*** Data for analysis Section Begins ***

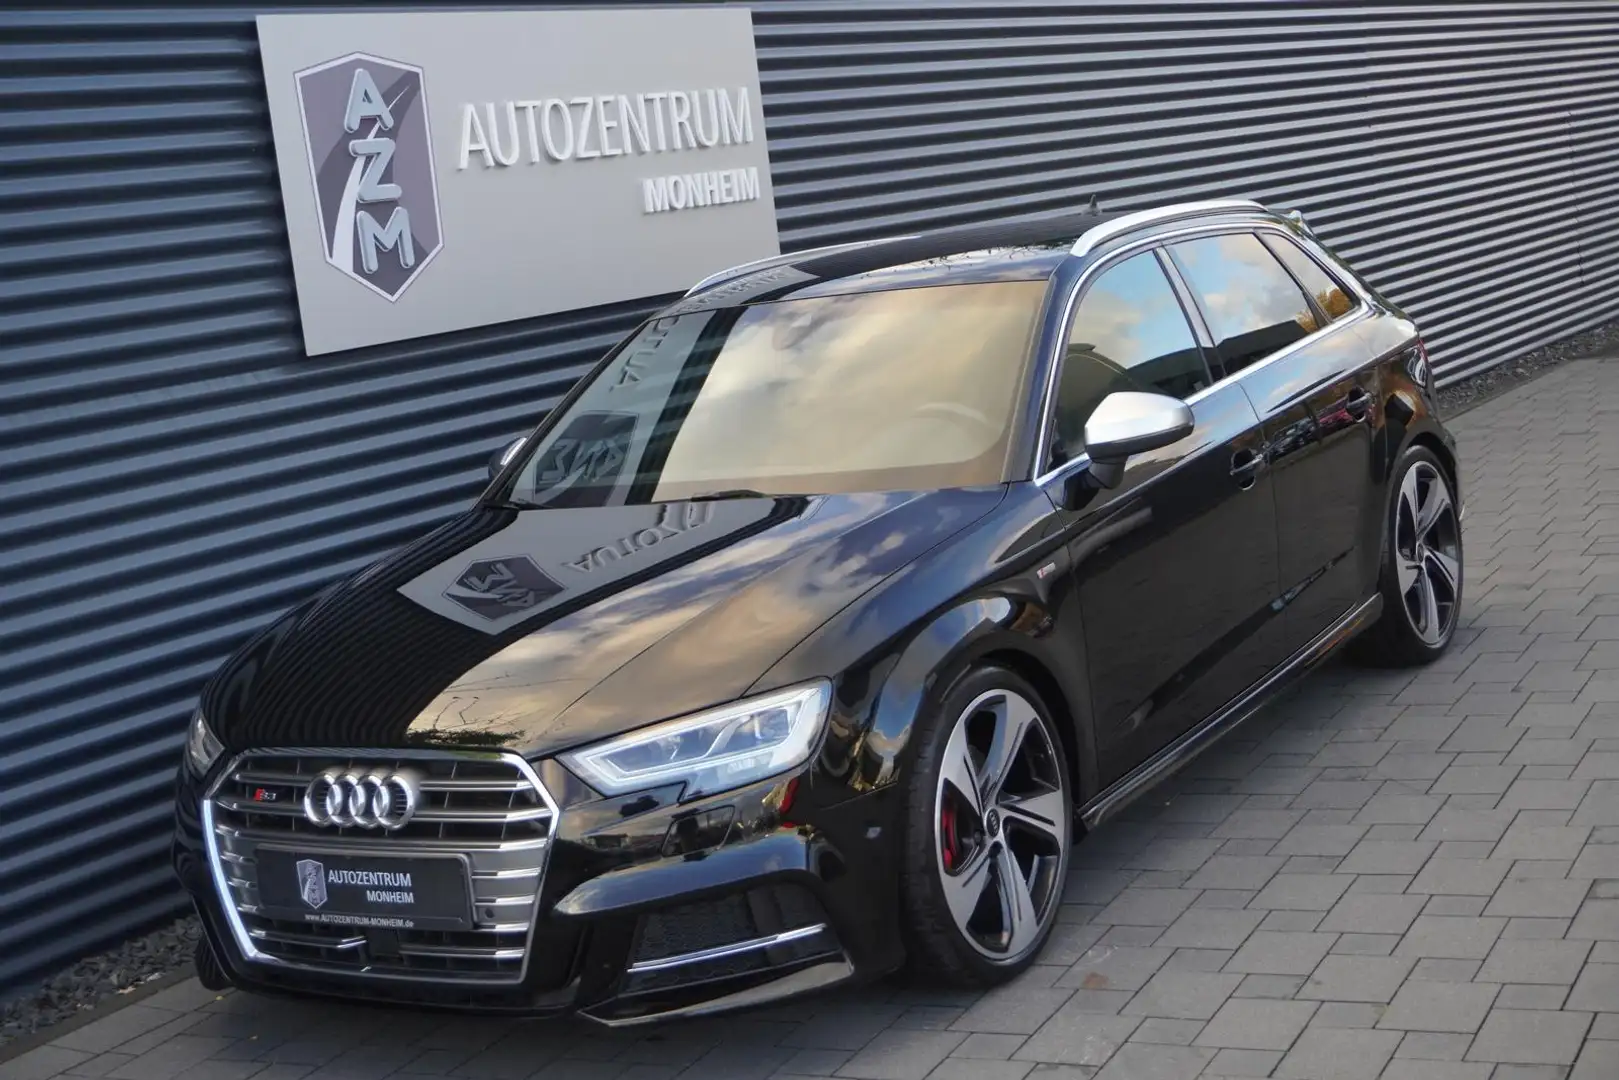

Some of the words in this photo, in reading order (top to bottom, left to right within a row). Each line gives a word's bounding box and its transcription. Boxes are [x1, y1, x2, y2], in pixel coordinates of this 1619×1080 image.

[457, 86, 754, 171] AUTOZENTRUM
[343, 67, 416, 275] AZM
[642, 166, 761, 215] MONHEIM
[328, 869, 412, 887] AUTOZENTRUM
[366, 890, 414, 903] MONHEIM
[304, 913, 414, 928] www.AUTOZENTRUM-MONHEIM.de

*** Data for analysis Section Ends ***

Problem statement
Every line above should be returned word for word, with the pictures left behind.

Answer for the task
Some of the words in this photo, in reading order (top to bottom, left to right within a row). Each line gives a word's bounding box and its transcription. Boxes are [x1, y1, x2, y2], in pixel coordinates of this 1619×1080 image.

[457, 86, 754, 171] AUTOZENTRUM
[343, 67, 416, 275] AZM
[642, 166, 761, 215] MONHEIM
[328, 869, 412, 887] AUTOZENTRUM
[366, 890, 414, 903] MONHEIM
[304, 913, 414, 928] www.AUTOZENTRUM-MONHEIM.de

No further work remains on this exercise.